# SOURCE INFORMATION:
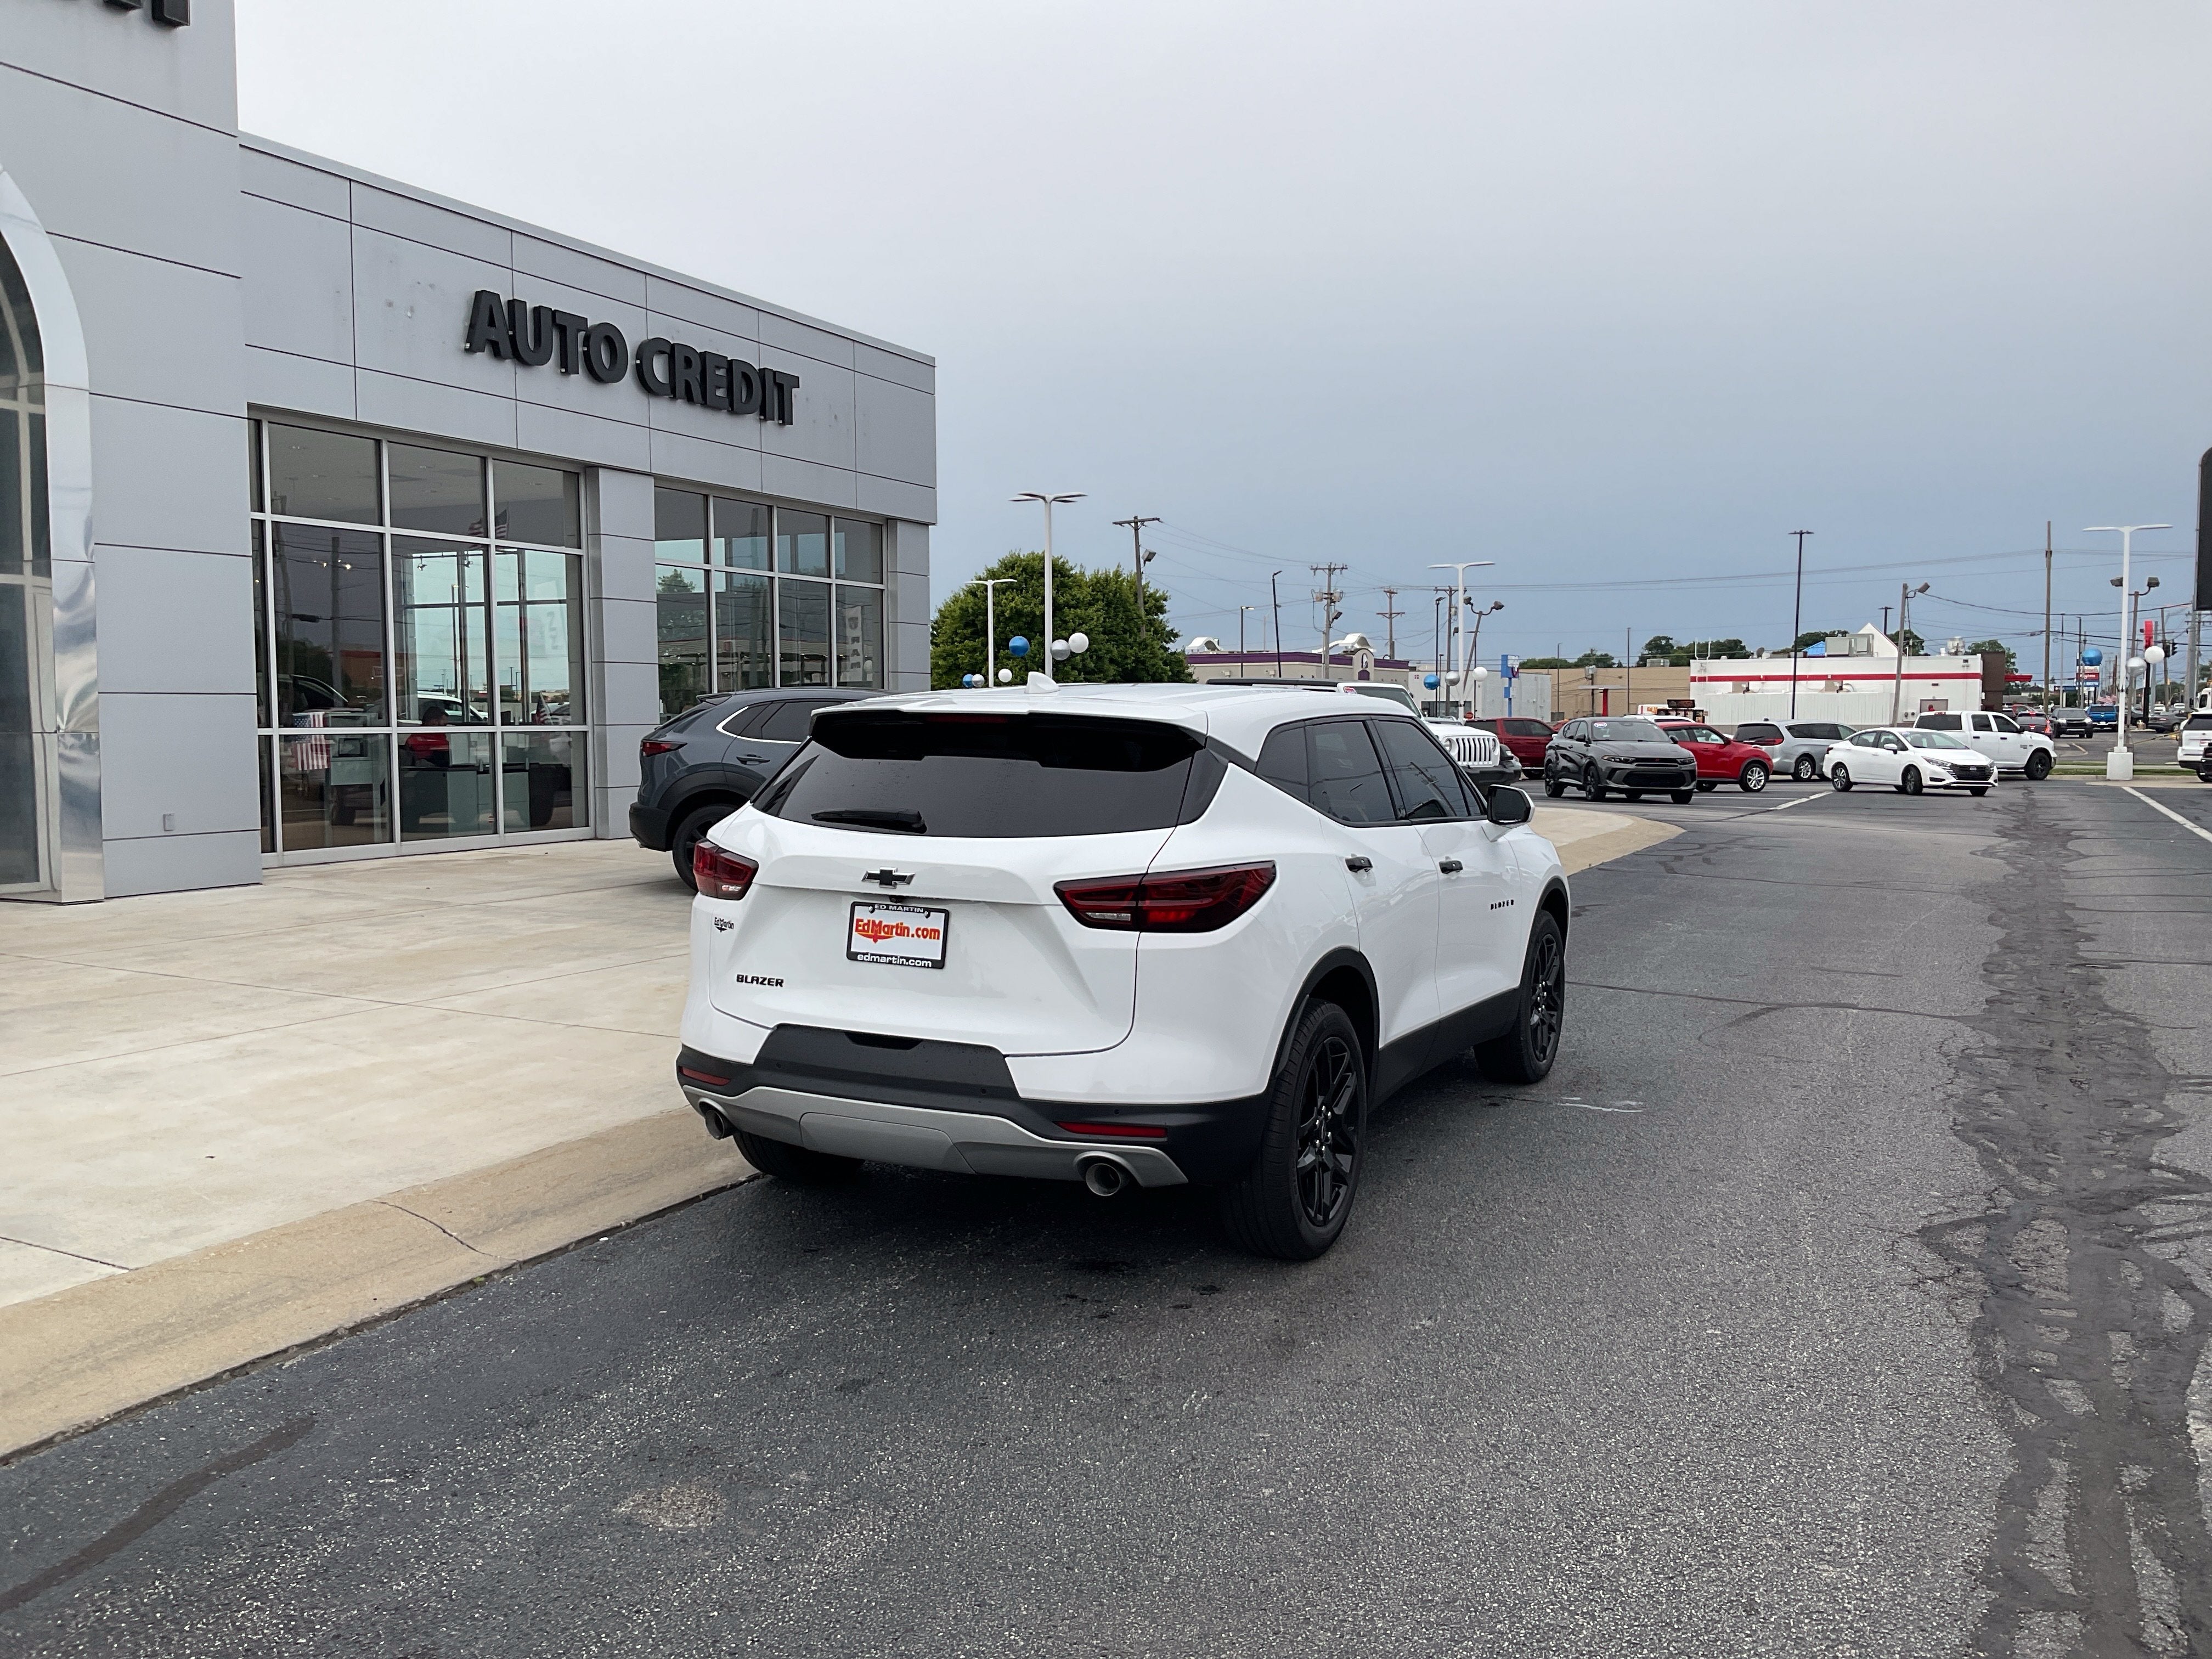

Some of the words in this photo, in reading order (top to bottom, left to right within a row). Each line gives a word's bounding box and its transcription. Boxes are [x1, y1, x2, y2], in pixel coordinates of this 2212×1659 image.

[466, 289, 629, 383] AUTO
[635, 337, 800, 426] CREDIT
[857, 952, 932, 968] edmartin.com
[736, 974, 784, 988] BLAZER

# WORK ORDER:
Quote each entry above verbatim and drop the pictures.

# WRITTEN ANSWER:
Some of the words in this photo, in reading order (top to bottom, left to right within a row). Each line gives a word's bounding box and its transcription. Boxes are [x1, y1, x2, y2], in pixel coordinates of this 2212×1659 image.

[466, 289, 629, 383] AUTO
[635, 337, 800, 426] CREDIT
[857, 952, 932, 968] edmartin.com
[736, 974, 784, 988] BLAZER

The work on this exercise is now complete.